Le rôle causal de l’infection à papillomavirus (HPV) dans de nombreux cancers génitaux et de la sphère ORL est établi. Le cancer de la thyroïde ferait aussi partie de cette liste, selon une étude de cohorte nationale parue dans Nature Scientific Reports

Ces dernières décennies, l’incidence du cancer de la thyroïde, notamment celle du type histologique papillaire (de très bon pronostic), a considérablement augmenté dans plusieurs pays. Aux États-Unis, elle a été multipliée par 3 au cours des 30 dernières années. En France, elle a été multipliée par 3,5 chez les femmes et 3,4 chez les hommes entre le début des années 1980 et des années 2000. Cette épidémie de cancer de la thyroïde s’observe dans de nombreux pays, particulièrement en Asie (la Corée du Sud est le pays le plus touché).

Même si une partie est due ausurdiagnostic , cette augmentation de l’incidence motive la recherche sur les causes de ce cancer. En effet, ses facteurs de risque ne sont pas encore tous connus. En dehors des cancers liés à une maladie familiale rare (polypose colique, maladie de Cowden), les seuls facteurs de risque indiscutablement établis sont l’exposition aux rayonnements ionisants pendant l’enfance et la carence en iode. Des facteurs nutritionnels, anthropométriques (prise de poids), reproductifs et hormonaux sont fortement suspectés. D’autres facteurs, environnementaux (polluants chimiques), sont aussi évoqués, mais dans une moindre mesure.

En outre, des études récentes ont identifié la présence d’HPV dans des échantillons de nodules thyroïdiens : positivité par PCR dans près de 4 % des échantillons de nodules bénins et 13 % dans ceux de carcinomes papillaires. Toutefois, la possible association entre l’infection par ces virus et le cancer thyroïdien a été très peu explorée au niveau épidémiologique.

Pour la première fois, une vaste étude de cohorte nationale a examiné cette question. Il s’agit d’une étude cas-témoins menée avec des données issues du système national de données de santé taïwanais, croisées avec celles du registre national des cancers. Les chercheurs ont identifié 3 062 patients âgés de 20 ans plus ayant eu un premier diagnostic de cancer de la thyroïde entre le 1er janvier 2012 et le 31 décembre 2019. Ils les ont appariés à des contrôles sains, sans diagnostic (ni antécédent) de cancer de la thyroïde, et avec des caractéristiques similaires – âge, sexe, niveau socioéconomique, localisation géographique et comorbidités telles que l’HTA, hyperlipidémie, diabète –, selon un ratio 1 :3 (9 186 patients contrôles). L’âge médian des participants était de 54,5 ans.
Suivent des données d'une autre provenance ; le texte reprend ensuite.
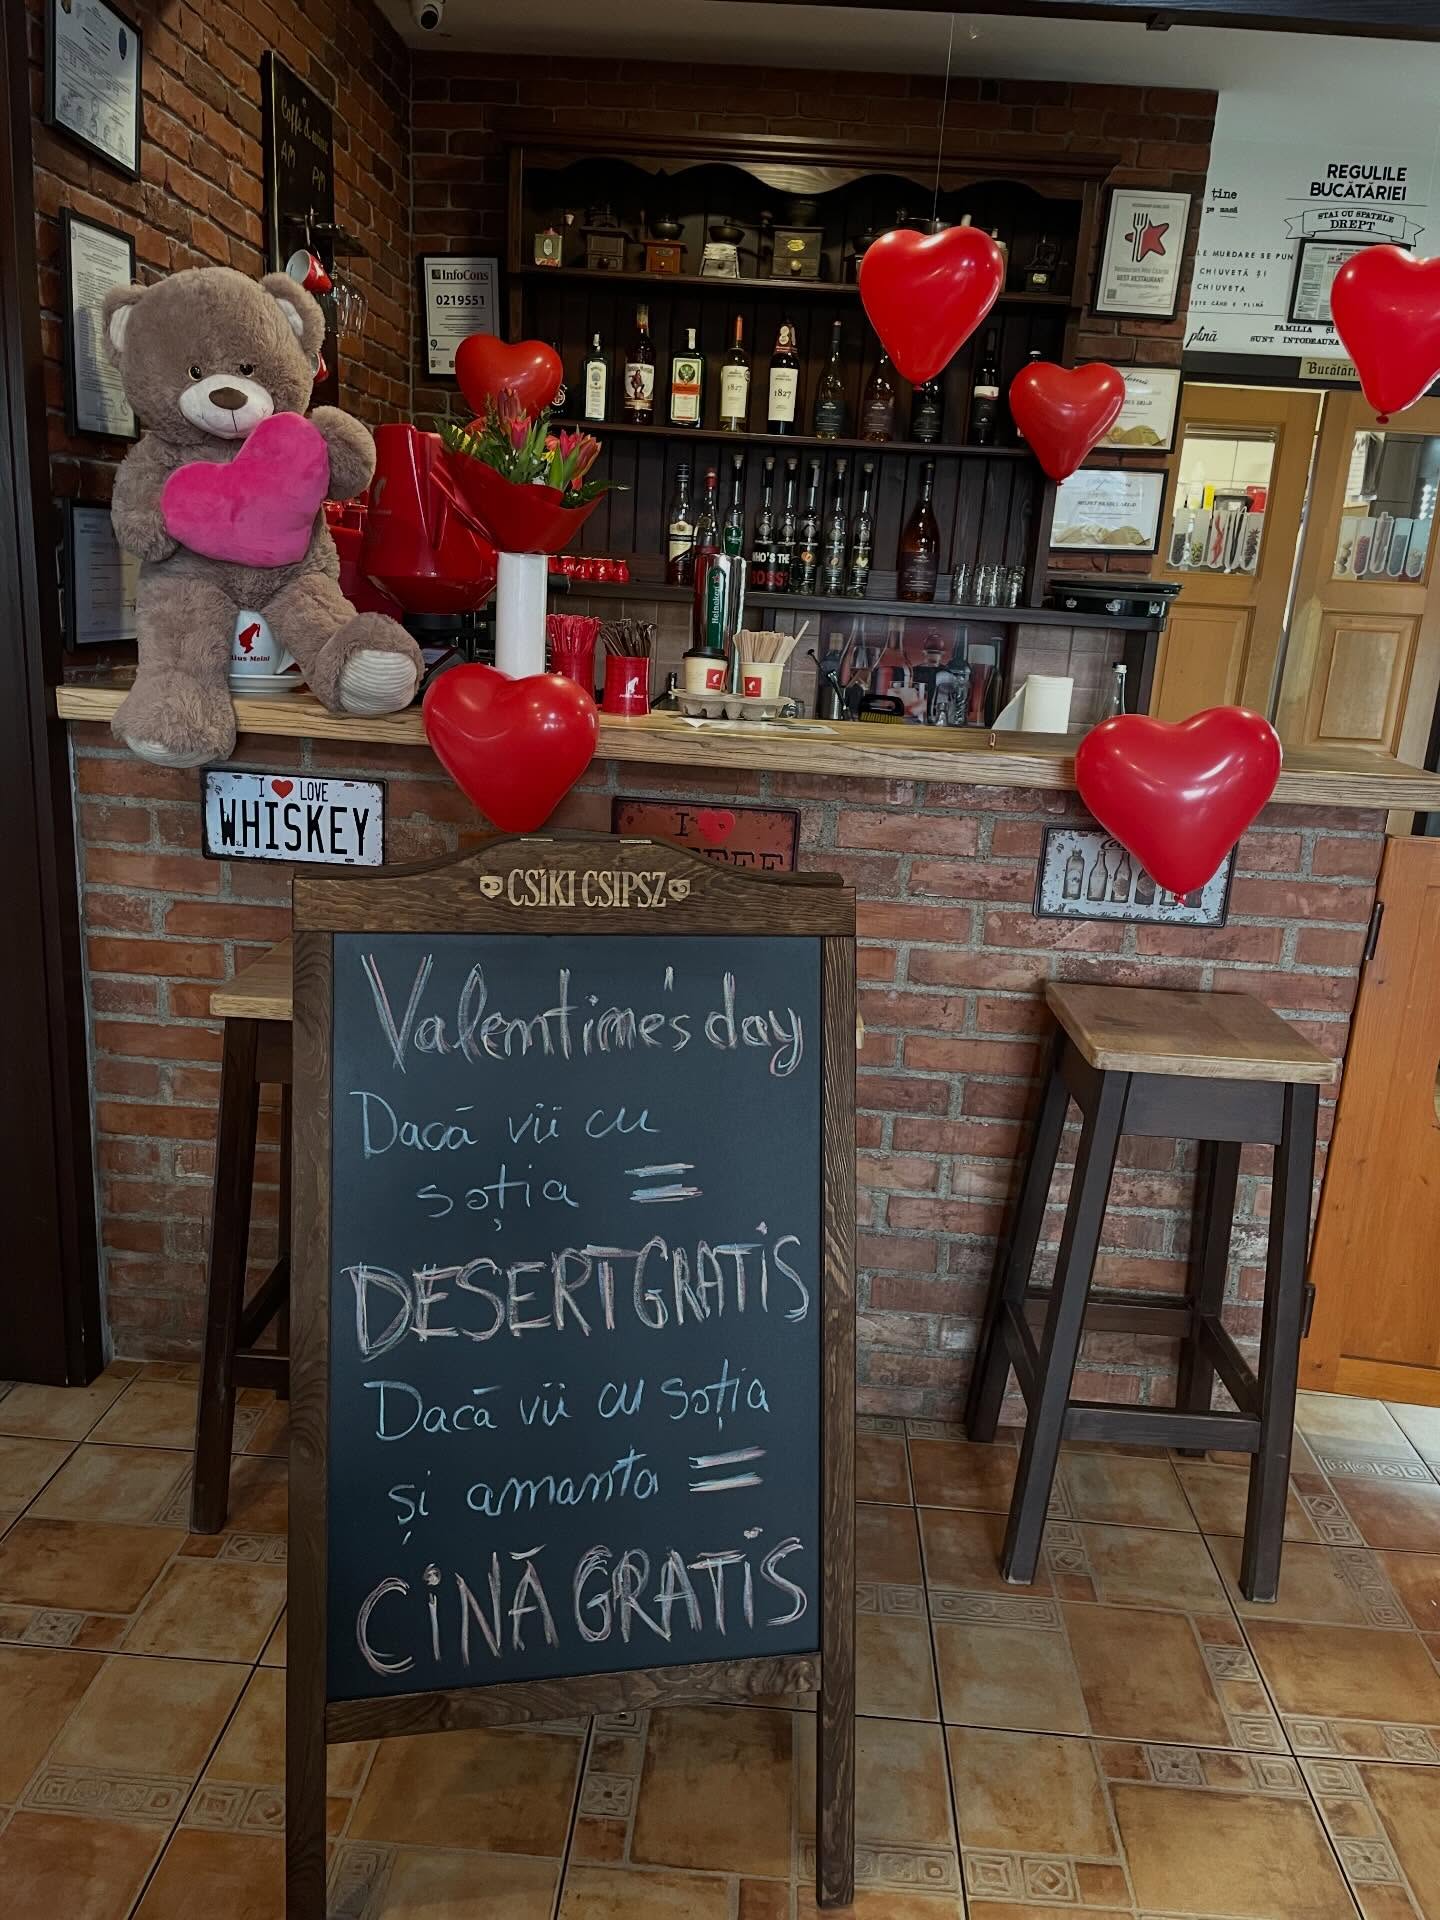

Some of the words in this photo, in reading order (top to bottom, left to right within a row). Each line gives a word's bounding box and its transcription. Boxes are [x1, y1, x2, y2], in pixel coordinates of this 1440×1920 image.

Les chercheurs ont ensuite identifié les cas d’infection à HPV chez ces participants (infection avant le diagnostic de cancer ou la date équivalente chez les contrôles). L’analyse statistique a révélé une différence significative dans la prévalence de l’infection à HPV entre les deux groupes. Elle était de 15,3 % chez les participants avec un cancer de la thyroïde, contre 7,6 % chez les contrôles (p < 0,001). Cela correspondait à odds ratio ajusté de 2,199 pour les premiers par rapport aux seconds (IC95 % : 1,939 à 2,492). Il était similaire chez les femmes et chez les hommes.

Néanmoins, si ces résultats suggèrent une association significative entre l’infection à HPV et le cancer de la thyroïde, un lien de causalité ne peut pas être établi à ce stade. Davantage de travaux, notamment prospectifs mais aussi expérimentaux, sont nécessaires pour explorer cette relation et l’expliquer. En particulier, la présente étude n’a pas pris en compte les possibles facteurs confondants que sont l’obésité, le tabagisme, les habitudes alimentaires, les antécédents familiaux de cancers de la thyroïde et les rayonnements ionisants dus à des procédures médicales – des variables qui pourrait donc être contrôlées dans les futures recherches. Ces dernières pourraient également explorer la disparité entre les sexes, étant donné que la plus grande incidence des cancers de la thyroïde chez les femmes ne se reflète pas dans les taux d’infection par HPV qui sont, eux, similaires chez les hommes et les femmes.

Enfin, si un lien de causalité venait à être confirmé, cela pourrait avoir des implications cliniques telles que la surveillance des tumeurs de la thyroïde chez les patients ayant eu une infection par HPV, et constituerait surtout un argument supplémentaire pour étendre la couverture vaccinale contre les HPV.

Pour en savoir plus
Yang TH, Hung SH, Cheng YF, et al. Association of thyroid cancer with human papillomavirus infections.  Scientific Reports 2024;14:431.